Encouragement proves vital
Having a support network is generally important to being successful in college, but for undocumented students it is vital, experts said. Not only do they need help finding financial opportunities to pay for tuition, but they need encouragement to face the unknown.
“Universities have all these services for low-income students, for first generation college students. Federal TRIO programs were established to help level the playing field, but unfortunately for a lot of undocumented students, they can’t participate in many of these,” said Gonzales, the assistant professor at Harvard.
Being a first-generation college student and her uncommon life experience made entering Eller a shock, Osuna said.
“If you don’t know how to assimilate quickly into the environment, you get lost, you don’t make friends. It’s one of those things. ... I’m still struggling with it.”
Laura Ullrich, associate director of undergraduate programs at the Eller College of Management, was a pre-business adviser when she met Osuna and learned she was undocumented.
“I remember that when it came out I was like, ‘I really don’t know what that means,’ but OK, because it didn’t change how I wanted to work with her. She was a quality student that was doing all the right things and I wanted to see her achieve all of her academic ambitions,” Ullrich said.
While Osuna has only positive things to say about her advisors and teachers, she believes the university as a whole could be more inclusive.
But with only about 100 undocumented students registered in Arizona’s public universities, there are definite challenges for administrators.
“You’ve got places like California and Texas where a lot of undocumented students have gone through those public university systems and over the years this has forced administrators to really look at their practices,” Gonzales said.
Many obstacles to overcome
Many undocumented students have a version of Osuna’s story — but not all of them have her happy ending.
She is a living example of the monumental amount of effort it takes to be undocumented and graduate from college, let alone pursue postgraduate work, said Florencio Zaragoza, president of Fundación México, a Tucson group that gives scholarships to DACA students.
“You have to find private funds, have the grades to deserve those scholarships.
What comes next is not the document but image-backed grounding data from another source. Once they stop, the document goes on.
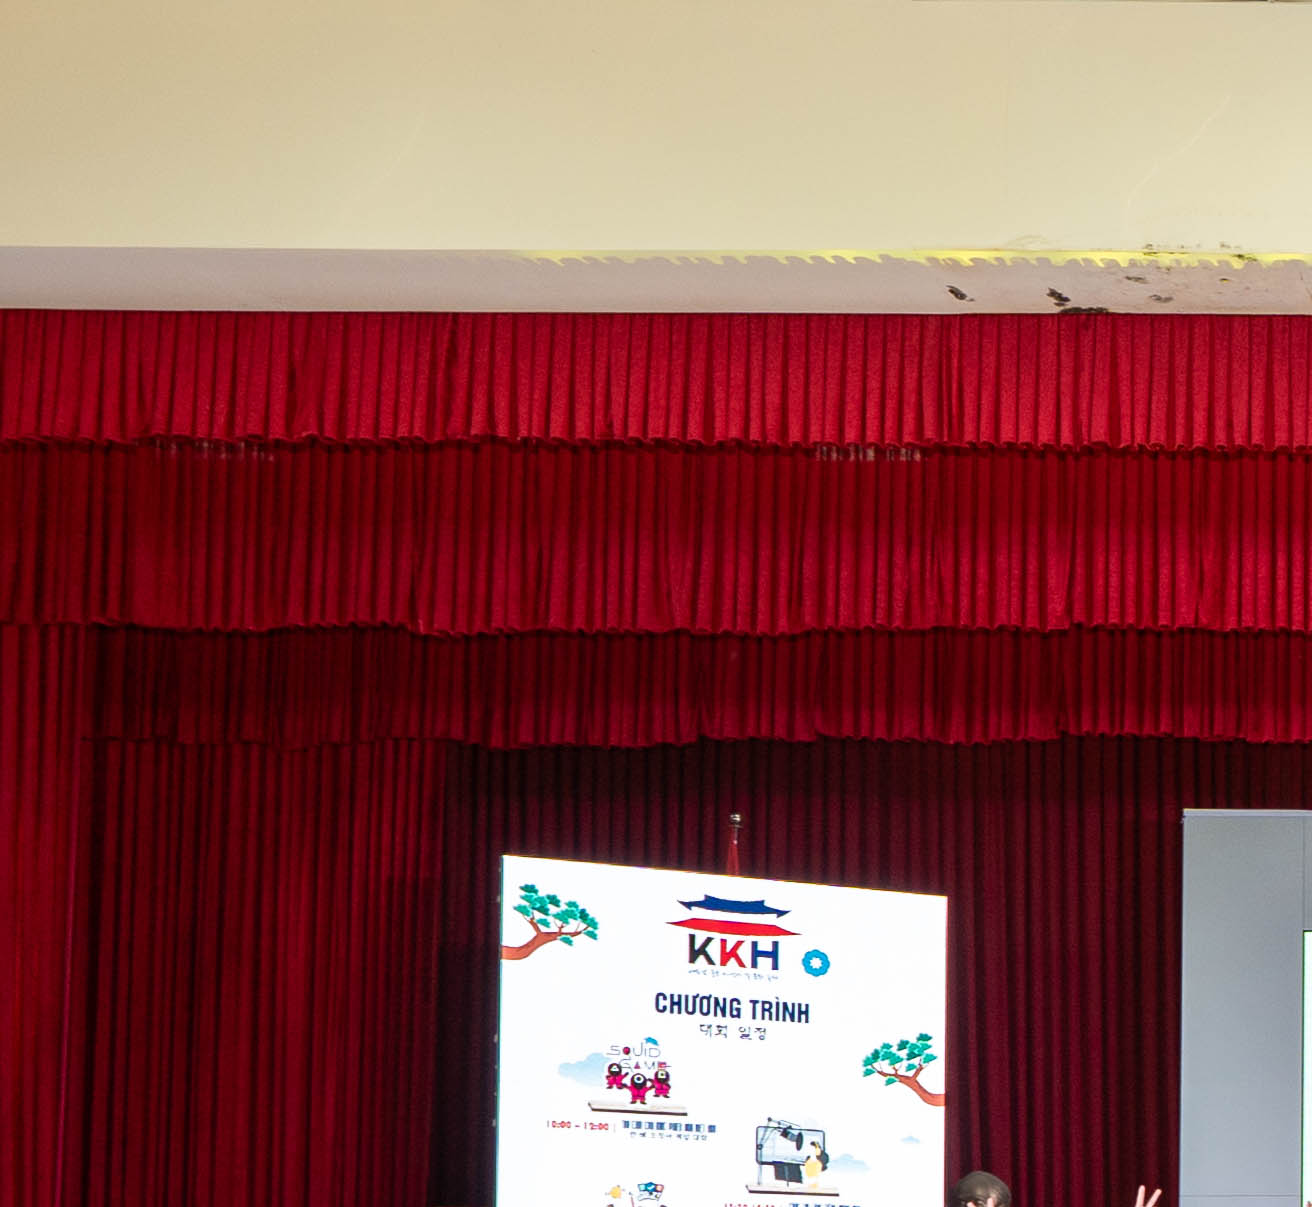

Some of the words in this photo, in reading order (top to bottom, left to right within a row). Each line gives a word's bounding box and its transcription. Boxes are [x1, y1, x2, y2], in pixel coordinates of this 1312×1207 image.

[688, 933, 779, 971] KKH
[655, 991, 742, 1019] CHƯƠNG
[749, 996, 810, 1024] TRÌNH
[699, 1023, 728, 1039] 대회
[738, 1026, 767, 1041] 일정
You have to not only fight but also be an outstanding student,” he said. “A lot of them give up.”
About 65,000 undocumented children who have lived in the United States for five years or longer graduate from high school each year, says a study by the Immigration Policy Center, a D.C.-based think tank.
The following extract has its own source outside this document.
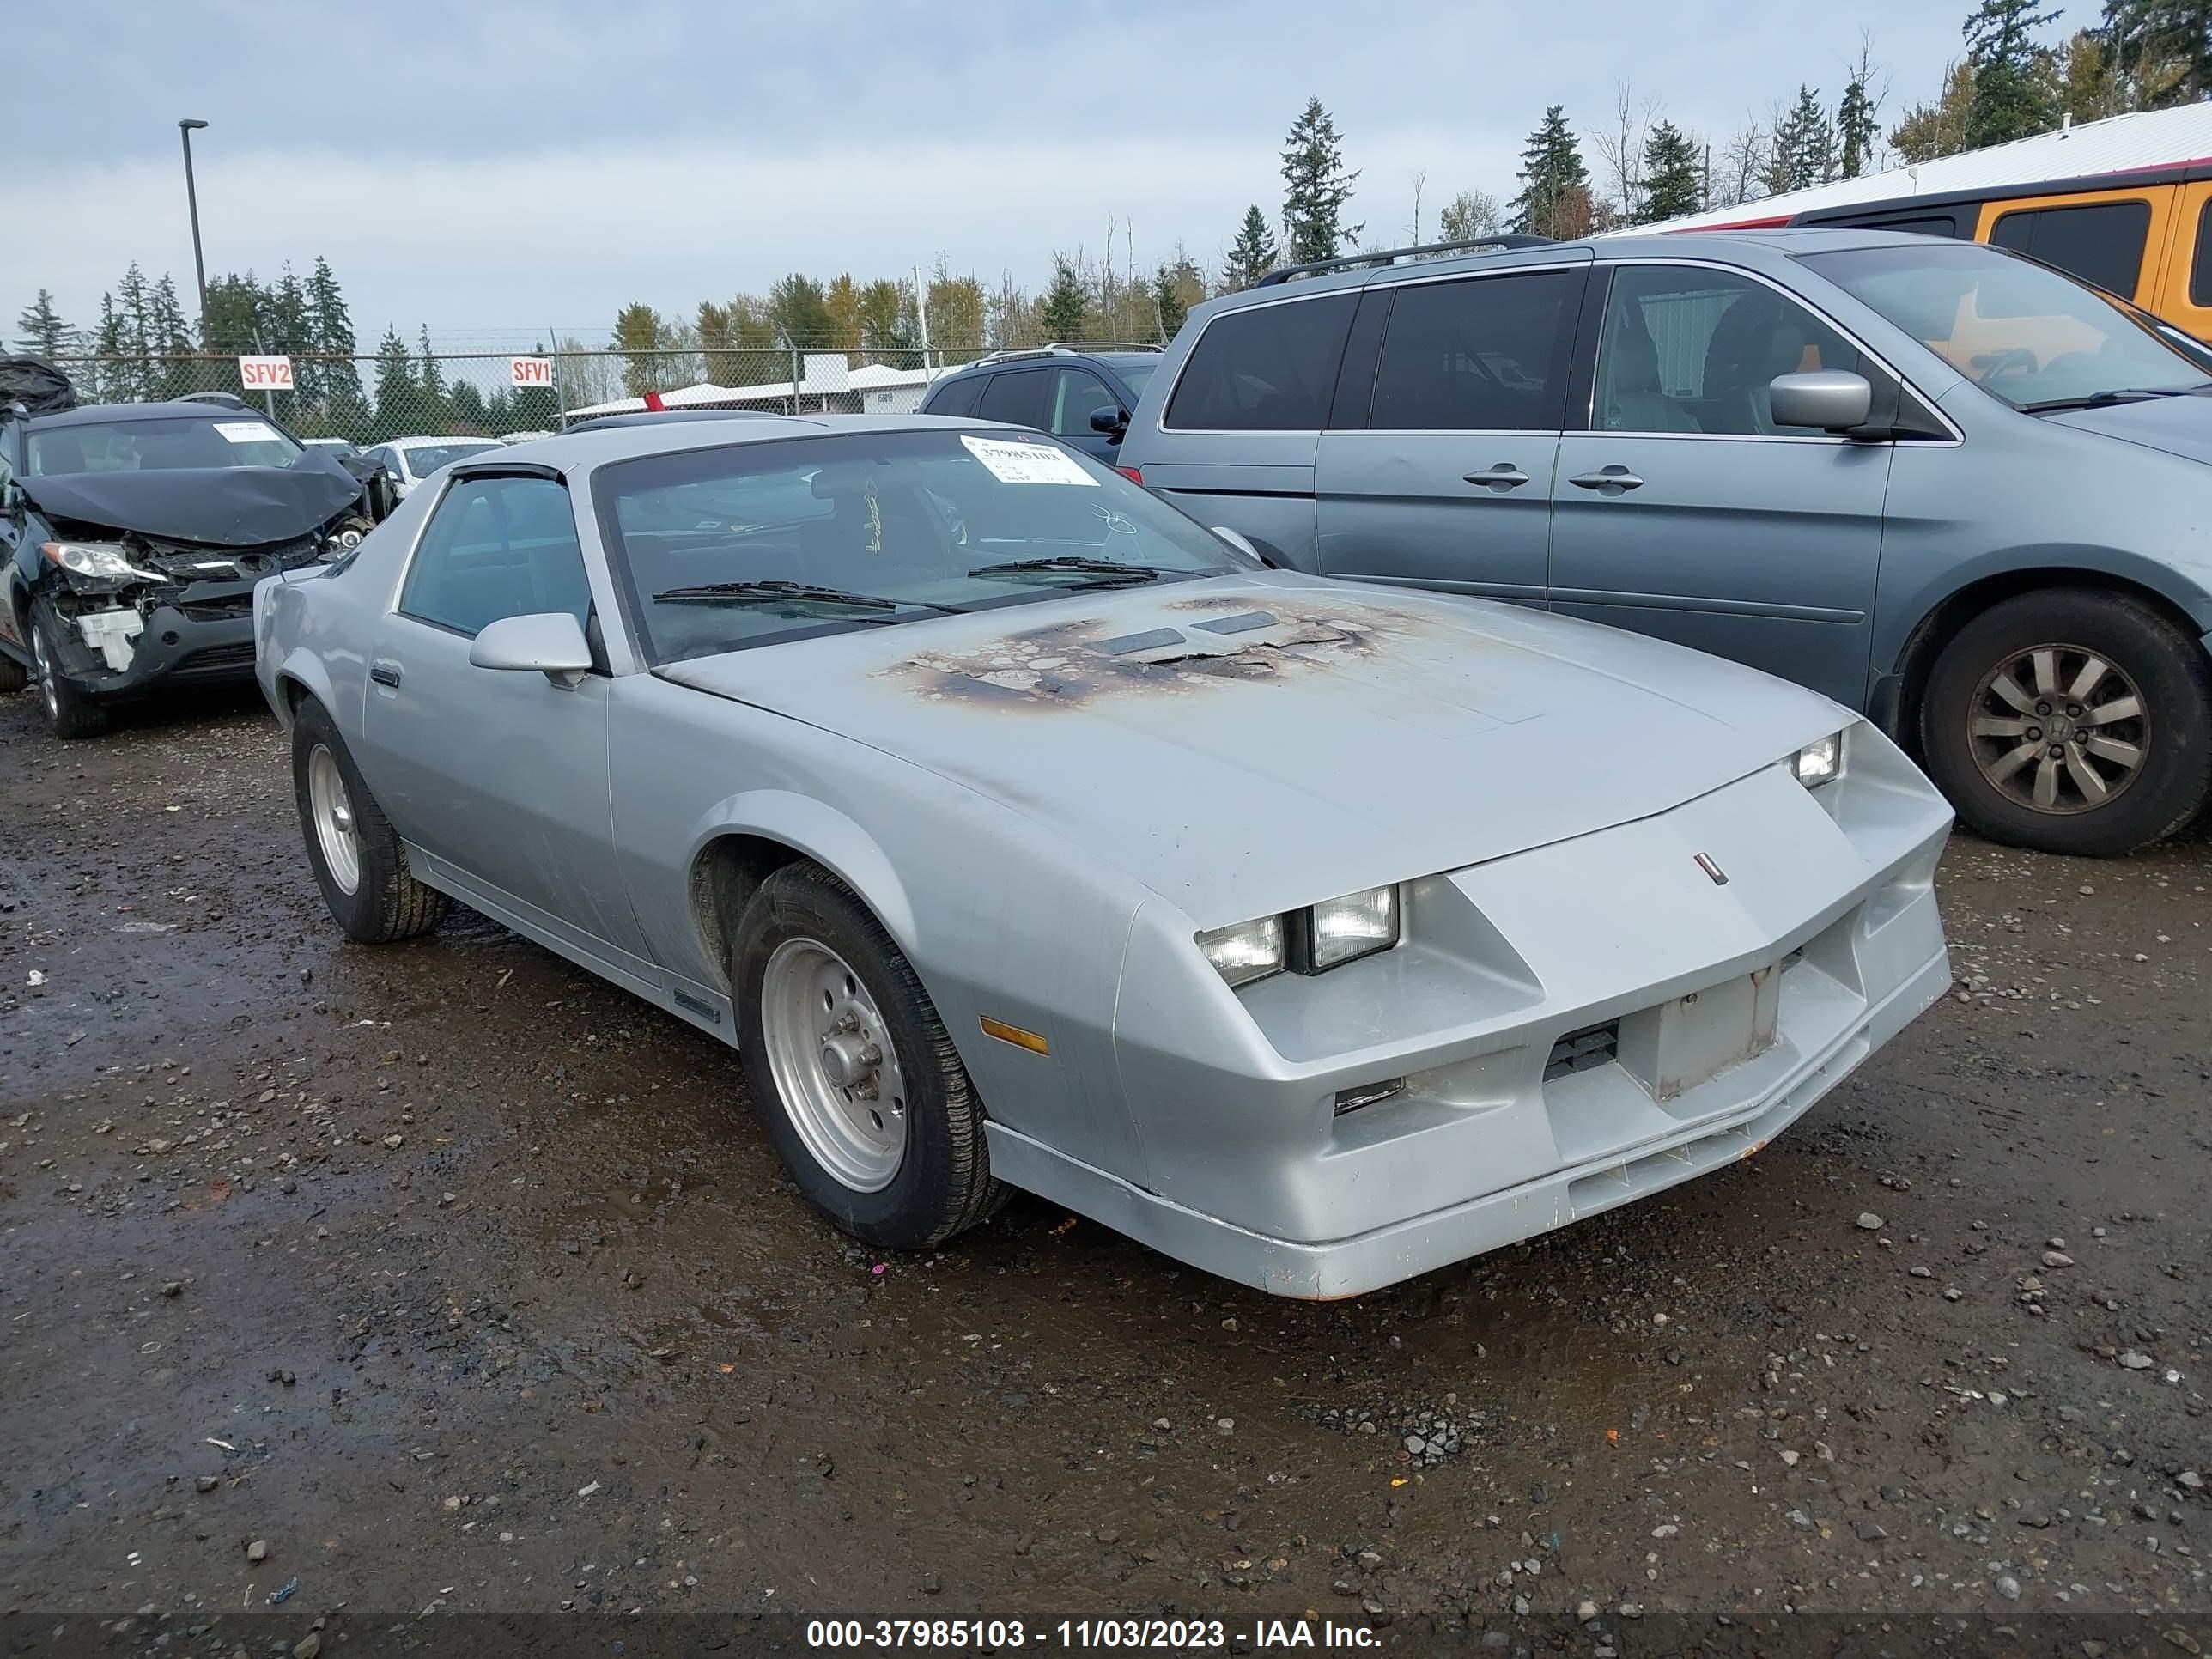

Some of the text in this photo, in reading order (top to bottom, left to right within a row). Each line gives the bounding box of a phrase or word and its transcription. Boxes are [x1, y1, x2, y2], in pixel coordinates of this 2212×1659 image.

[243, 363, 292, 384] SFV2
[514, 362, 550, 382] SFV1
[981, 447, 1061, 461] 37985103
Only 5 to 10 percent of them go to college.
Osuna wants to help change that. She’s starting by volunteering with the foundation to mentor other students.
“I cannot tell them, ‘Oh, this person will give you $1,000 here.’ I cannot pull money out of my pocket, either, but I can show strategy. Who to go to, how to approach it, how to navigate the UA system. If you don’t have that support you can do badly. You can be crushed.”
While she thinks it’s important to speak out and be politically active, the fact that she finished her undergraduate work and is now studying for her master’s degree makes the most powerful statement.
“Results give you a better foundation. Me graduating, that gives me a lot of credibility. That helps set the foundation, makes it harder for people to say no,” she said.
“Hopefully I’m leaving some kind of legacy at Eller for the next student.”